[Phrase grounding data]

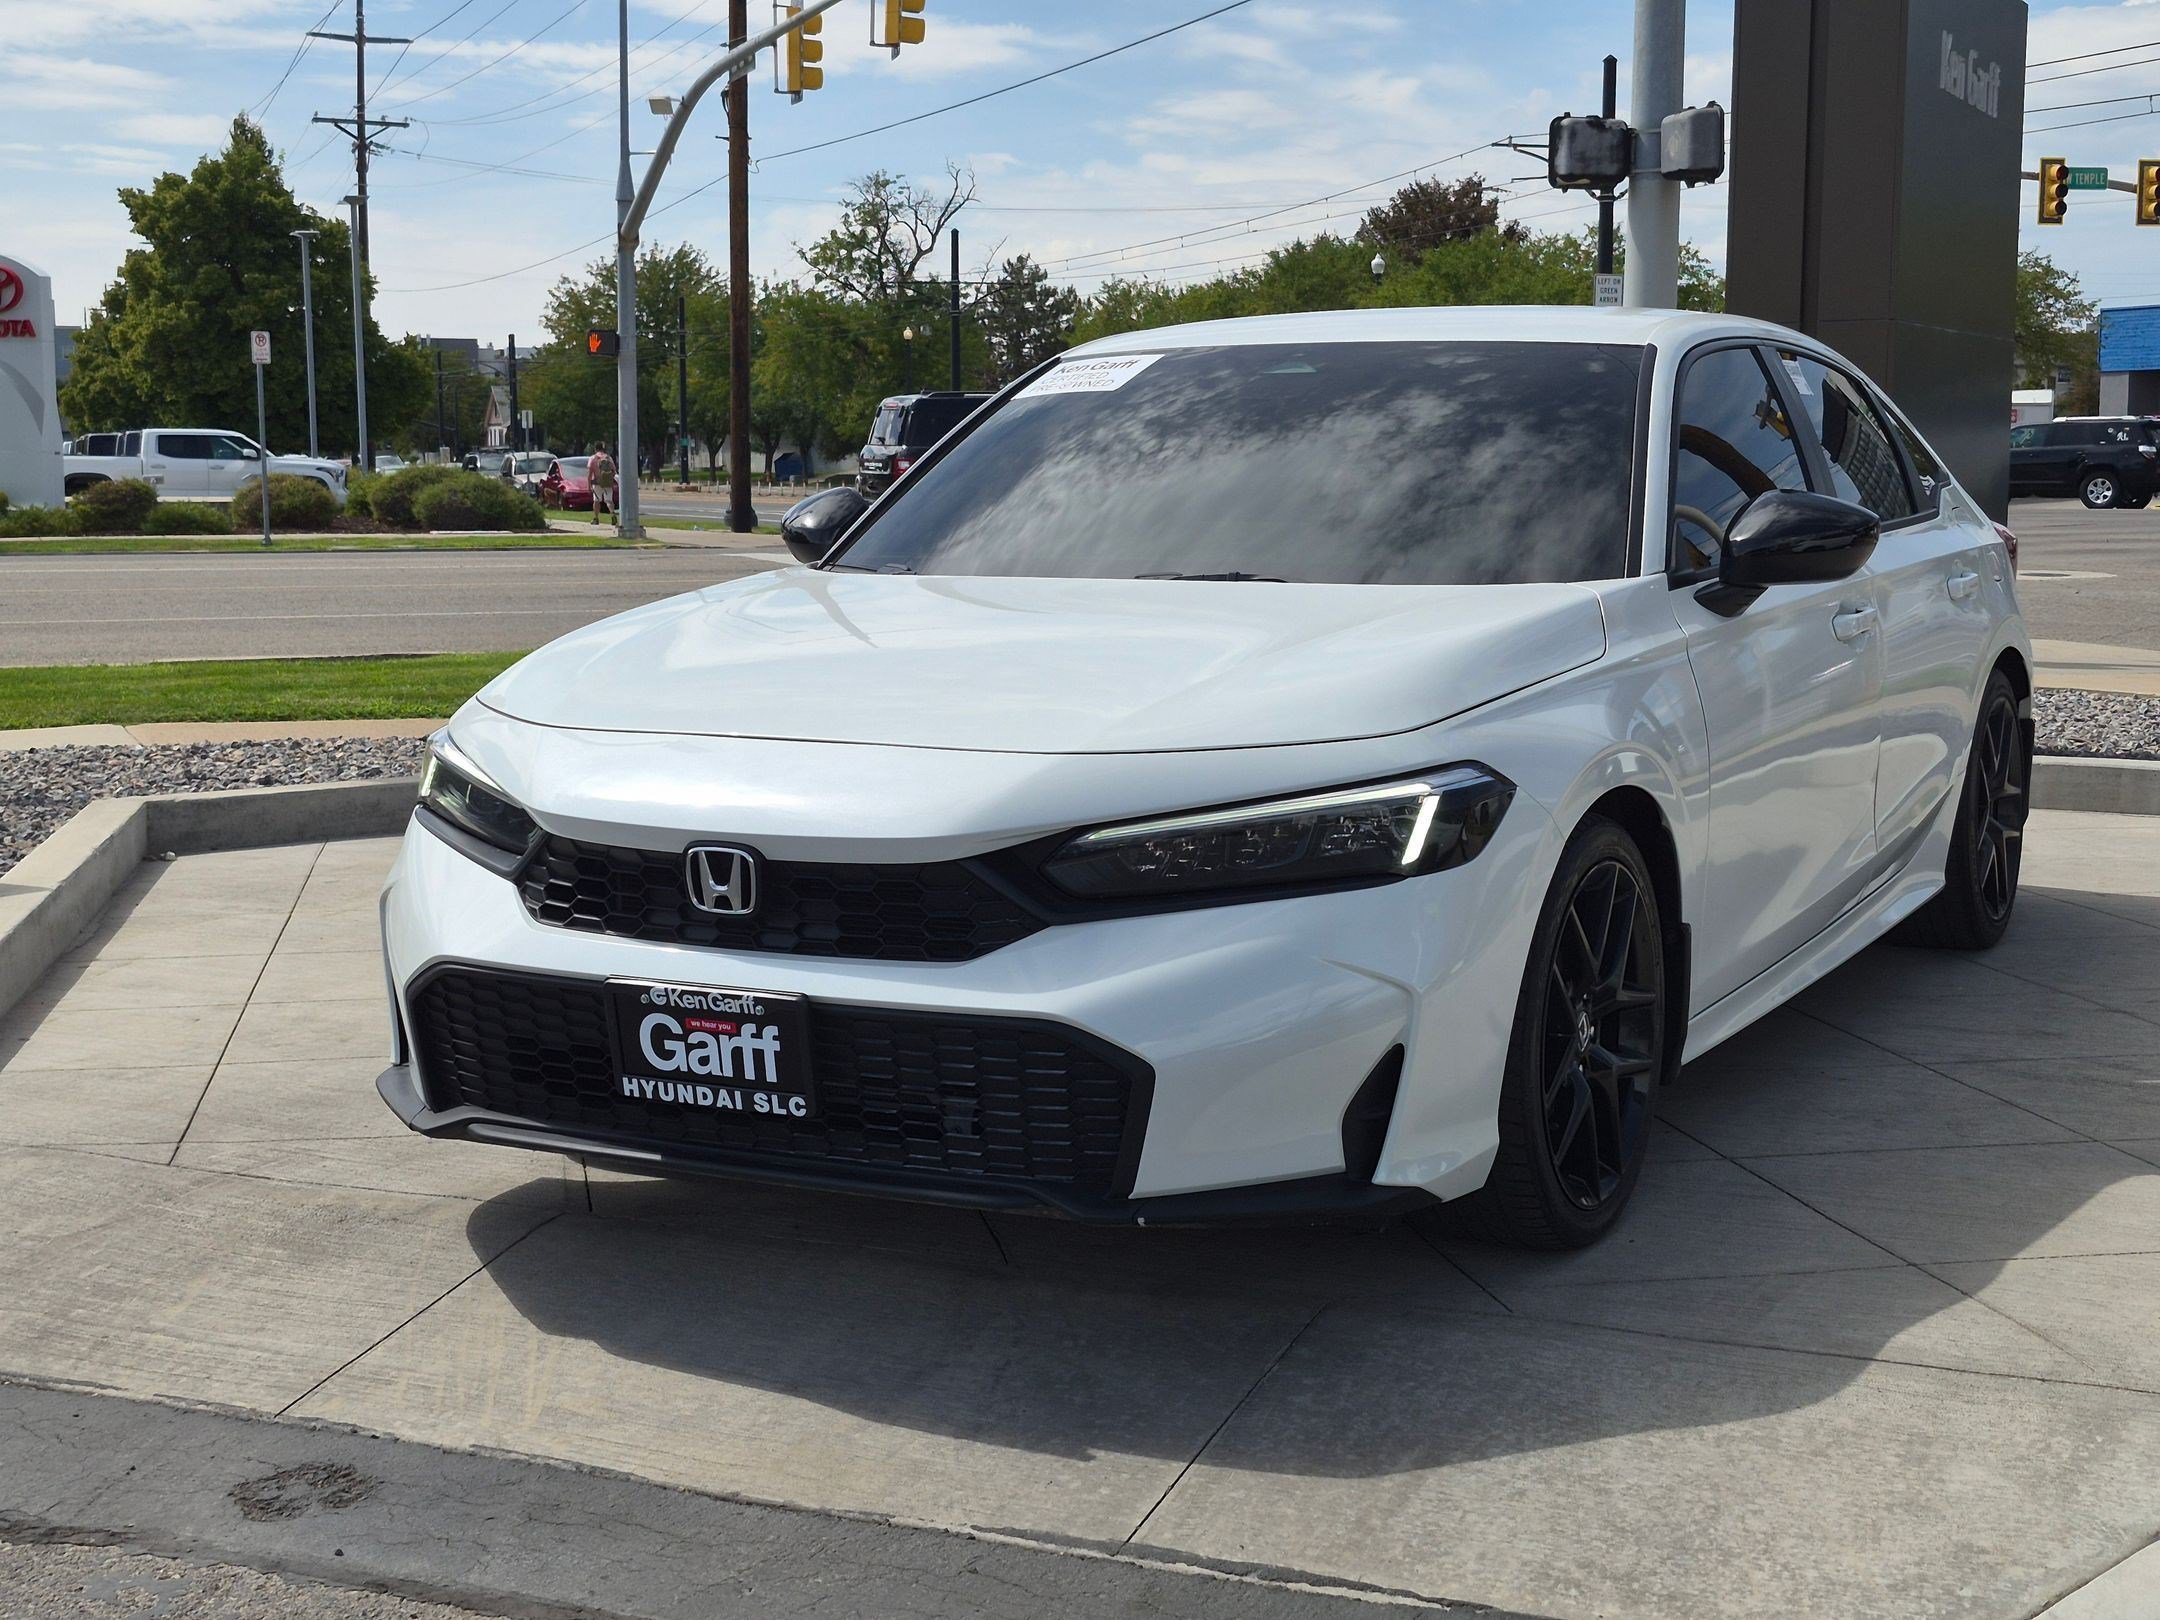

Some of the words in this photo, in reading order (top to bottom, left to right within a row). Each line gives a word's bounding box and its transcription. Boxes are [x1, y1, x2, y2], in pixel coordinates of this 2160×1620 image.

[2075, 172, 2105, 185] TEMPLE
[1597, 277, 1611, 285] LEFT
[1600, 296, 1618, 304] ARROW
[701, 1020, 717, 1029] hear
[718, 1023, 731, 1031] you
[639, 1012, 781, 1083] Garff
[622, 1076, 743, 1110] HYUNDAI
[753, 1092, 807, 1117] SLC
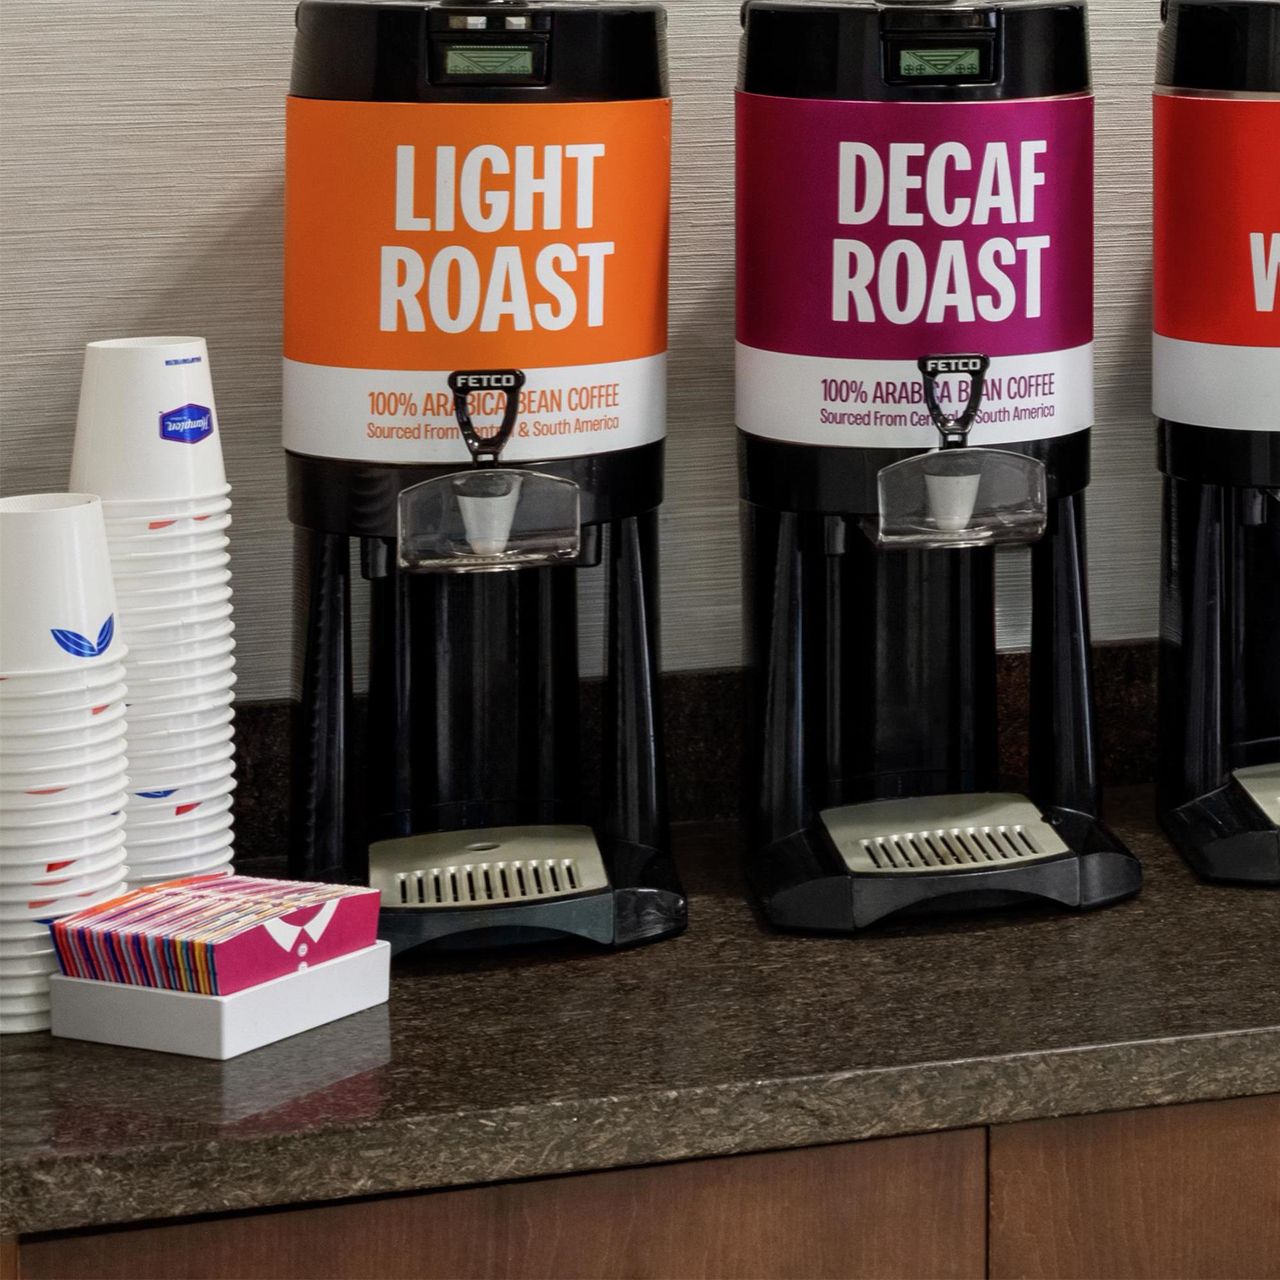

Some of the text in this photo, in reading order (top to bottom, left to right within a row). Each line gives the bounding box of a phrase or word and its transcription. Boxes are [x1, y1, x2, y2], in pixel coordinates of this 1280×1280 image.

[395, 144, 605, 233] LIGHT
[838, 140, 1047, 227] DECAF
[380, 241, 615, 333] ROAST
[832, 235, 1050, 325] ROAST
[457, 375, 514, 387] FETCO
[927, 359, 981, 372] FETCO
[369, 391, 418, 417] 100%
[567, 383, 620, 411] COFFEE
[821, 373, 1055, 404] 100% ARABCA BAN COFFEE
[367, 422, 420, 439] Sourced
[424, 423, 460, 440] From
[518, 421, 531, 437] &
[533, 418, 573, 436] South
[574, 414, 620, 432] America
[820, 408, 870, 426] Sourced
[874, 410, 907, 426] From
[975, 407, 1011, 424] South
[1013, 402, 1055, 420] America
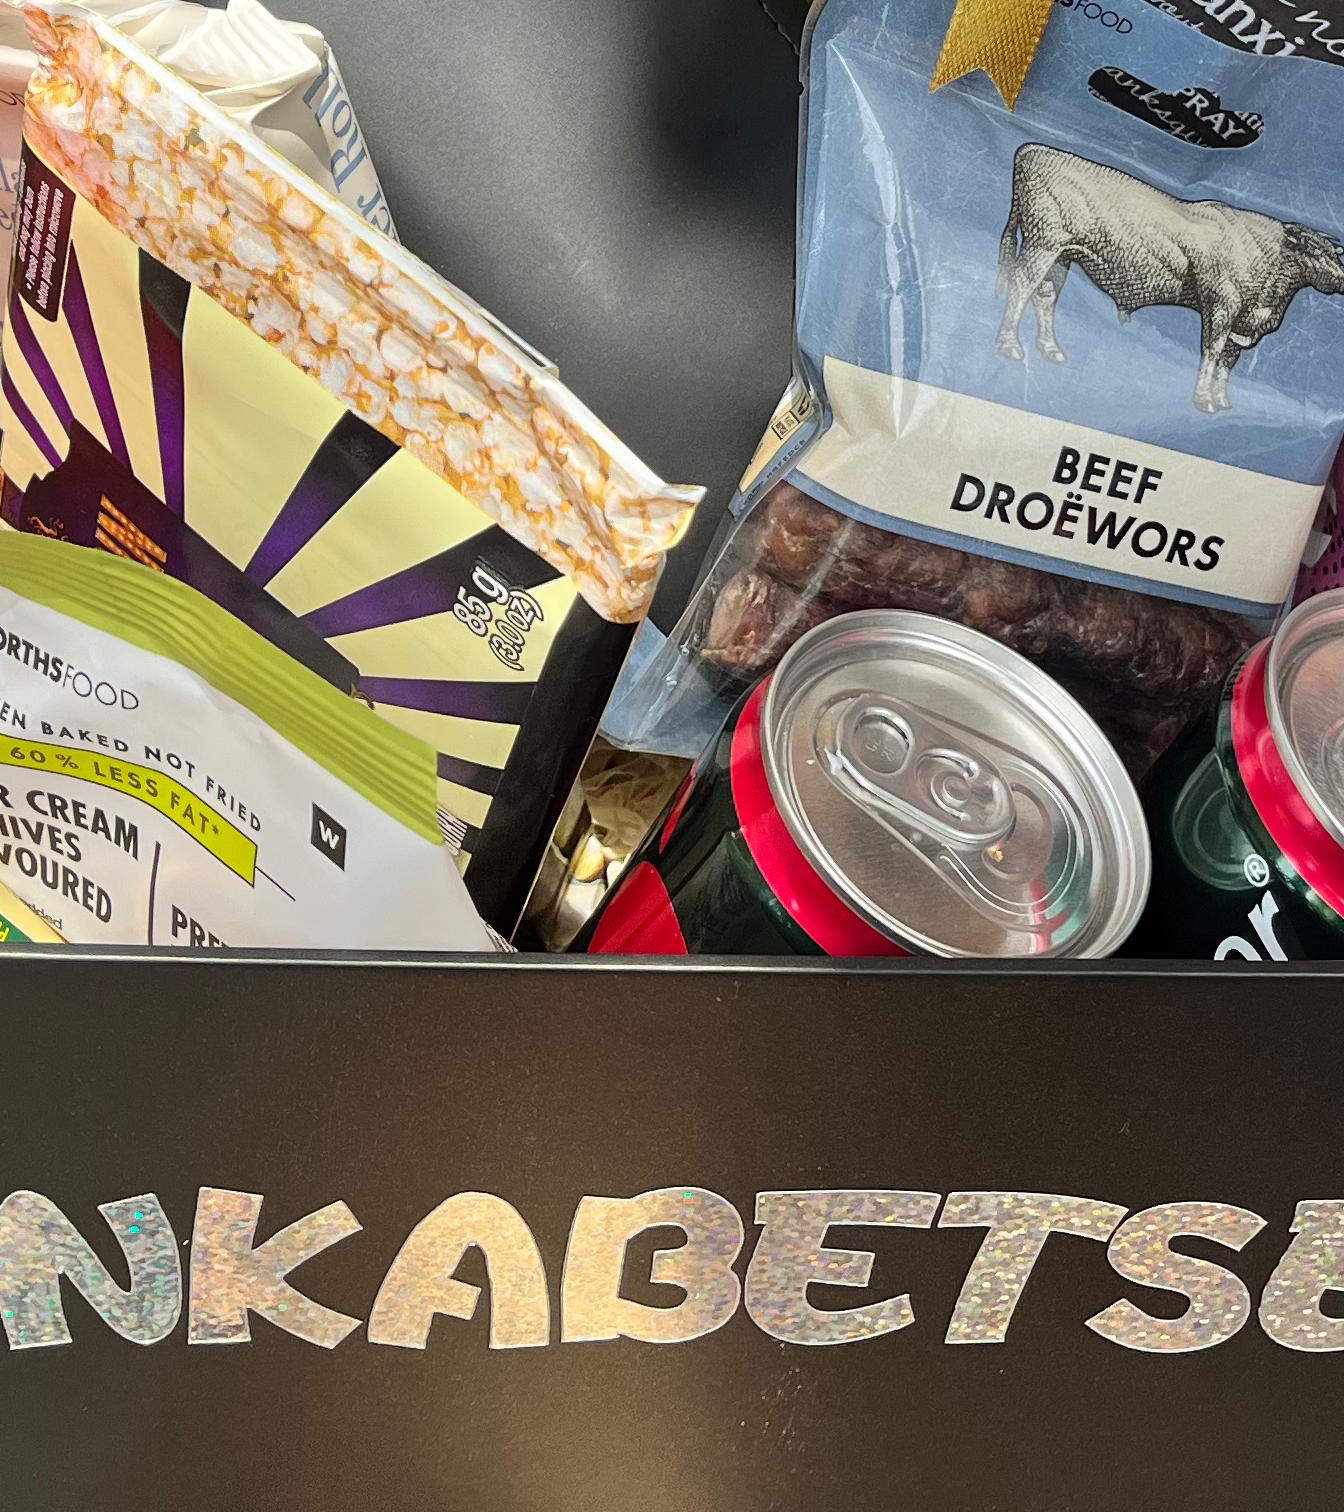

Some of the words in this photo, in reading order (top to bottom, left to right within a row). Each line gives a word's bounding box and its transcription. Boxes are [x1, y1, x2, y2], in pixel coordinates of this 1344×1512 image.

● **What needs to be done**:
Each record should be quoted exactly, with the images omitted.

● **Solution to this problem**:
Some of the words in this photo, in reading order (top to bottom, left to right within a row). Each line gives a word's bounding box and its transcription. Boxes are [x1, y1, x2, y2], in pixel coordinates of this 2160×1620 image.

[2075, 172, 2105, 185] TEMPLE
[1597, 277, 1611, 285] LEFT
[1600, 296, 1618, 304] ARROW
[701, 1020, 717, 1029] hear
[718, 1023, 731, 1031] you
[639, 1012, 781, 1083] Garff
[622, 1076, 743, 1110] HYUNDAI
[753, 1092, 807, 1117] SLC

Some of the text in this photo, in reading order (top to bottom, left to right within a row). Each line gives the bounding box of a phrase or word and its transcription. Boxes are [x1, y1, x2, y2], in pixel coordinates of this 1280×1280 image.

[395, 144, 605, 233] LIGHT
[838, 140, 1047, 227] DECAF
[380, 241, 615, 333] ROAST
[832, 235, 1050, 325] ROAST
[457, 375, 514, 387] FETCO
[927, 359, 981, 372] FETCO
[369, 391, 418, 417] 100%
[567, 383, 620, 411] COFFEE
[821, 373, 1055, 404] 100% ARABCA BAN COFFEE
[367, 422, 420, 439] Sourced
[424, 423, 460, 440] From
[518, 421, 531, 437] &
[533, 418, 573, 436] South
[574, 414, 620, 432] America
[820, 408, 870, 426] Sourced
[874, 410, 907, 426] From
[975, 407, 1011, 424] South
[1013, 402, 1055, 420] America

Some of the words in this photo, in reading order (top to bottom, left to right within a row). Each line gives a word's bounding box and its transcription. Boxes are [x1, y1, x2, y2], in pixel coordinates of this 1344×1512 image.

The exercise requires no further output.